A Very Queer Family Indeed

Sex, Religion, and the Bensons in Victorian Britain

“We can begin with a kiss, though this will not turn out to be a love story, at least not a love story of anything like the usual kind.”

So begins A Very Queer Family Indeed, which introduces us to the extraordinary Benson family. Edward White Benson became Archbishop of Canterbury at the height of Queen Victoria’s reign, while his wife, Mary, was renowned for her wit and charm—the prime minister once wondered whether she was “the cleverest woman in England or in Europe.” The couple’s six precocious children included E. F. Benson, celebrated creator of the Mapp and Lucia novels, and Margaret Benson, the first published female Egyptologist.

What interests Simon Goldhill most, however, is what went on behind the scenes, which was even more unusual than anyone could imagine. Inveterate writers, the Benson family spun out novels, essays, and thousands of letters that open stunning new perspectives—including what it might mean for an adult to kiss and propose marriage to a twelve-year-old girl, how religion in a family could support or destroy relationships, or how the death of a child could be celebrated. No other family has left such detailed records about their most intimate moments, and in these remarkable accounts, we see how family life and a family’s understanding of itself took shape during a time when psychoanalysis, scientific and historical challenges to religion, and new ways of thinking about society were developing. This is the story of the Bensons, but it is also more than that—it is the story of how society transitioned from the high Victorian period into modernity.

344 pages | 8 halftones | 6 x 9 | © 2016

Biography and Letters

Gay and Lesbian Studies

History: British and Irish History

Literature and Literary Criticism: British and Irish Literature

Religion: Christianity


“Goldhill is . . . especially good on the linguistic side of the story.

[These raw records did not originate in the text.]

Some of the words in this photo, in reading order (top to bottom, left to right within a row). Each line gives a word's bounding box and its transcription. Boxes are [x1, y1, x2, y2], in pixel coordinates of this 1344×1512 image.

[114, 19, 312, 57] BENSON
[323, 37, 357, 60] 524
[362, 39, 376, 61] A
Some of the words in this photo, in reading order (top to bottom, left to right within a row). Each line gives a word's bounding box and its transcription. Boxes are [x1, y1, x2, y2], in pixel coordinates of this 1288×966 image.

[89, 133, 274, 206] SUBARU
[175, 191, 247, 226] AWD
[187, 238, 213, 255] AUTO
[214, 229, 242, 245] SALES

Until the invention of psychiatry and sexology, there simply was not a language to discuss this sort of thing. . . . This book makes you realize how much has changed.”

Times Literary Supplement

"Goldhill showcases the emotional landscape and complex processes of the written self-fashionings of a prominent family that was, at once, quintessentially Victorian and highly unconventional. . . .Goldhill's beautifully written book represents a major accomplishment chock full of wonderful insights about the transition to modernity."

Victorian Studies

"This brilliant book is recommended Christmas reading for scholars, educated general readers, and, above all, bishops."

Church Times

"Rather than writing the Bensons' lives as linear biographies, Goldhill has structured his book in four parts that offer a range of surprising and often quite contradictory views of his subjects through the lens of their own writings. . . . As a result, Goldhill's book turns out to be a relentlessly intimate portrait. Informed by the latest research in life writing, queer theory and Victorian culture, Goldhill has managed to write the rare book that appeals to scholarly readers as well as a wider audience."

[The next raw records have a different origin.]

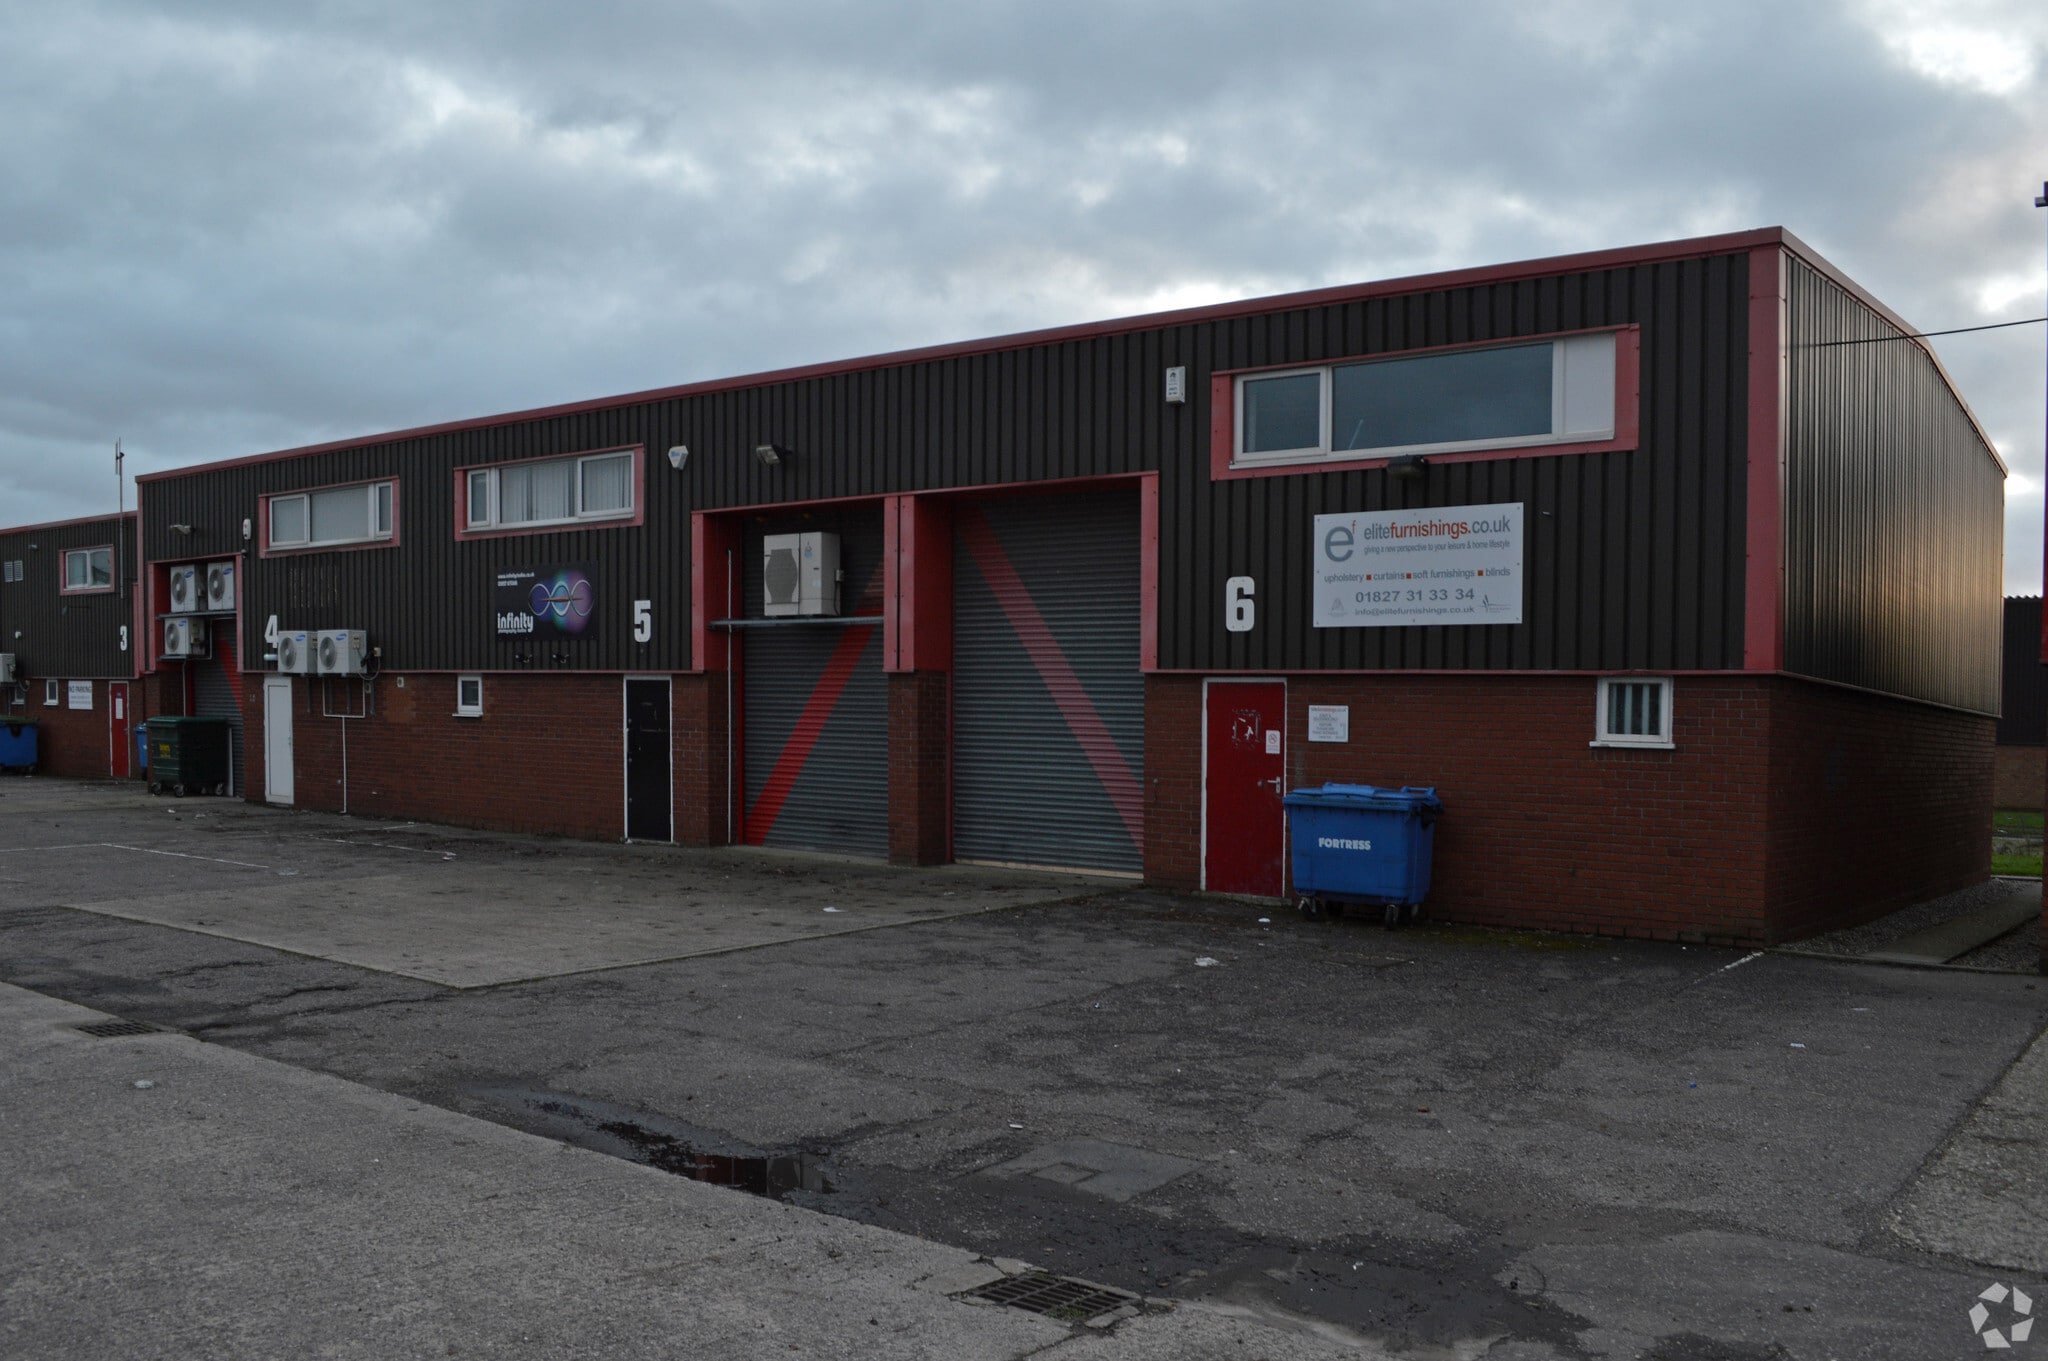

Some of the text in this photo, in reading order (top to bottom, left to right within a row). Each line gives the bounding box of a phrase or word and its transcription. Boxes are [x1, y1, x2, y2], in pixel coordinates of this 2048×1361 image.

[1364, 515, 1511, 540] elitefurnishings.co.uk
[1324, 566, 1511, 584] upholstery curtains soft furnishings blinds
[1226, 576, 1255, 632] 6
[1355, 588, 1475, 603] 01827 31 33 34
[264, 614, 279, 649] 4
[497, 612, 534, 633] infinity
[634, 600, 652, 642] 5
[120, 625, 128, 651] 3
[1319, 837, 1372, 851] FORTRESS
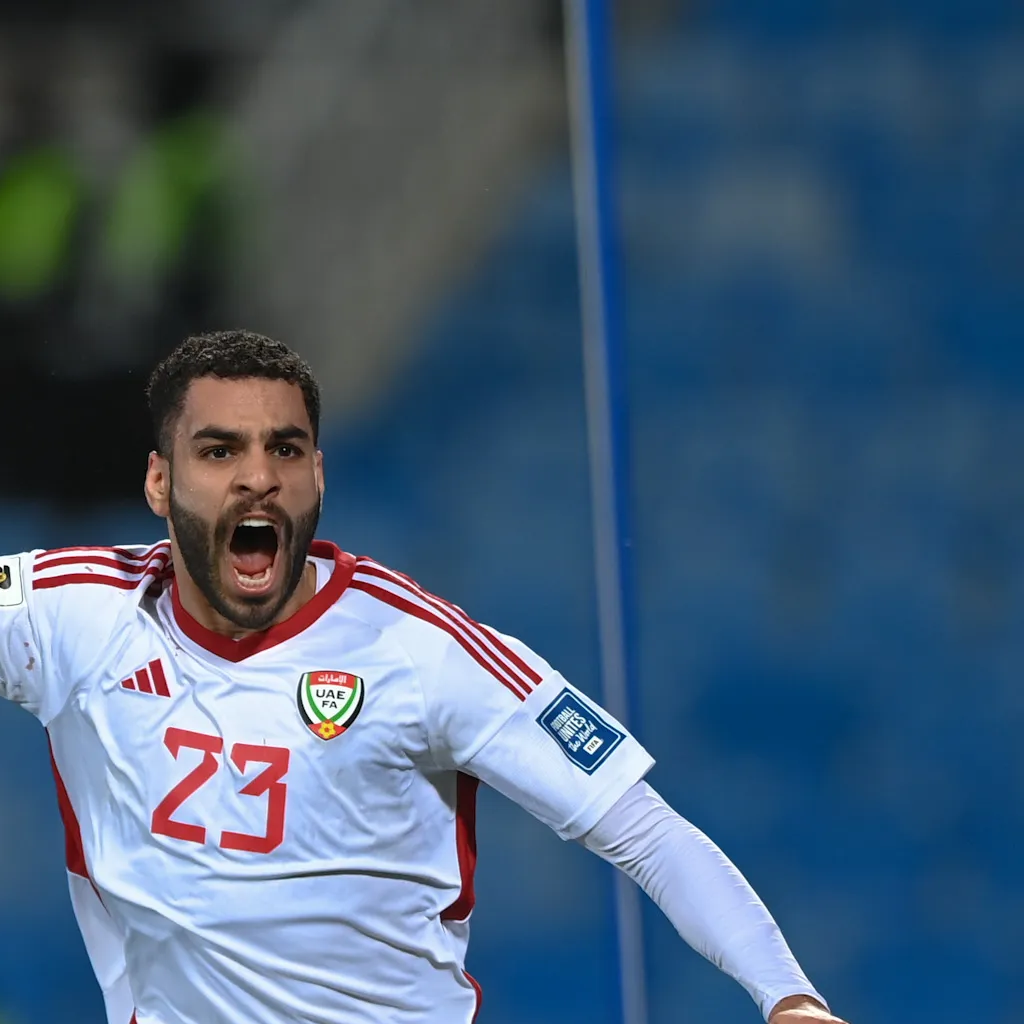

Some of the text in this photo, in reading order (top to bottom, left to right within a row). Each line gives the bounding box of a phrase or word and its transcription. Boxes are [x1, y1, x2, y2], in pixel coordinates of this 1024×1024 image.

[316, 689, 346, 700] UAE
[321, 701, 338, 709] FA
[557, 712, 586, 743] UNITES
[586, 739, 600, 752] FIFA
[151, 726, 290, 854] 23

“This bold, erudite, and highly original book takes as its principal subject the vast literary output of an extraordinary Victorian family—that of Archbishop Edward W. Benson and his wife and children, almost all of whom published extensively. Goldhill makes a series of brilliant forays into Victorian discussions of sex and sexuality, of religious belief and doubt, and of topics as engaging and complexly shaded as ‘discretion’ and ‘indiscretion.’ A Very Queer Family Indeed is, all told, a remarkable achievement—one that is both beautifully written and compulsively readable.”

Christopher Lane, author of The Age of Doubt: Tracing the Roots of Our Religious Uncertainty

“Child brides, cousin marriage, generational antagonisms, polyamory, lesbianism, homosexuality, all served with heavy dollops of graphomania and religious fervor—what could be more Victorian? As this magnificent account of the Benson family in the years between 1850 and 1940 shows, for the Victorians, nothing was more normal—or more agonizing—than queerness. Sensitive to historical context and literary form, Goldhill combines empathy with self-awareness to tell a beautifully researched story that will instruct and delight any reader interested in the history of sexuality.”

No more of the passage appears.